Records from a collection
━━━━━━

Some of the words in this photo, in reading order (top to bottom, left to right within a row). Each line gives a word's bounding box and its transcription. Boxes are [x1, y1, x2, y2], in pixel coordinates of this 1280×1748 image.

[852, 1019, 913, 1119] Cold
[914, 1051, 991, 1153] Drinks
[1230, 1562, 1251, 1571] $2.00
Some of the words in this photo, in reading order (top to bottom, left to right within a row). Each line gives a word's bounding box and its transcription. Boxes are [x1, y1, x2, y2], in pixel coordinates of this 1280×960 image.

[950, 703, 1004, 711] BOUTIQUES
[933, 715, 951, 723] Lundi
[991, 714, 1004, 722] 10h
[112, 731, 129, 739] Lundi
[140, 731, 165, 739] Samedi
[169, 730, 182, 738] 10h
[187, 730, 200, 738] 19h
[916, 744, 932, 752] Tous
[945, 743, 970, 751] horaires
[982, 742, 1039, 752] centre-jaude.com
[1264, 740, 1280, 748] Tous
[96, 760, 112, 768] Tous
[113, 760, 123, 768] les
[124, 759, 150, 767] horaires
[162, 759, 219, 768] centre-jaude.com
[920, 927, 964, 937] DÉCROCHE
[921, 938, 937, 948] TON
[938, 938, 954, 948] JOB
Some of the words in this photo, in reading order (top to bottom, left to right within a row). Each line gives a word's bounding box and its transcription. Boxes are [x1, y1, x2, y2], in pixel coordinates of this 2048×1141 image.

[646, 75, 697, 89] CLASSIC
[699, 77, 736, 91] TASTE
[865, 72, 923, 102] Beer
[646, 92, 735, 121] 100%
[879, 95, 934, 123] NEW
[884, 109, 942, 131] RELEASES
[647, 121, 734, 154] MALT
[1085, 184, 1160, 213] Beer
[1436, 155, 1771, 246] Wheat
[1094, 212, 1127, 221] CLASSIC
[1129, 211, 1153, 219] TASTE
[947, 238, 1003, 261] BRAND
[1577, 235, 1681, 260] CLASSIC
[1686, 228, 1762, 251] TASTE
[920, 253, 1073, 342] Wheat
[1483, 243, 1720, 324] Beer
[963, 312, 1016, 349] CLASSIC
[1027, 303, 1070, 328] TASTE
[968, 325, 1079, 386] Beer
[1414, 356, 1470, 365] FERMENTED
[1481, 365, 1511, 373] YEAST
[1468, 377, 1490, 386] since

━━━━━━

Locate "this 2048×1141 image." in the data above. Then repeat, exactly, its line and each line after it through the last, adding nothing.

Task output –
Some of the words in this photo, in reading order (top to bottom, left to right within a row). Each line gives a word's bounding box and its transcription. Boxes are [x1, y1, x2, y2], in pixel coordinates of this 2048×1141 image.

[646, 75, 697, 89] CLASSIC
[699, 77, 736, 91] TASTE
[865, 72, 923, 102] Beer
[646, 92, 735, 121] 100%
[879, 95, 934, 123] NEW
[884, 109, 942, 131] RELEASES
[647, 121, 734, 154] MALT
[1085, 184, 1160, 213] Beer
[1436, 155, 1771, 246] Wheat
[1094, 212, 1127, 221] CLASSIC
[1129, 211, 1153, 219] TASTE
[947, 238, 1003, 261] BRAND
[1577, 235, 1681, 260] CLASSIC
[1686, 228, 1762, 251] TASTE
[920, 253, 1073, 342] Wheat
[1483, 243, 1720, 324] Beer
[963, 312, 1016, 349] CLASSIC
[1027, 303, 1070, 328] TASTE
[968, 325, 1079, 386] Beer
[1414, 356, 1470, 365] FERMENTED
[1481, 365, 1511, 373] YEAST
[1468, 377, 1490, 386] since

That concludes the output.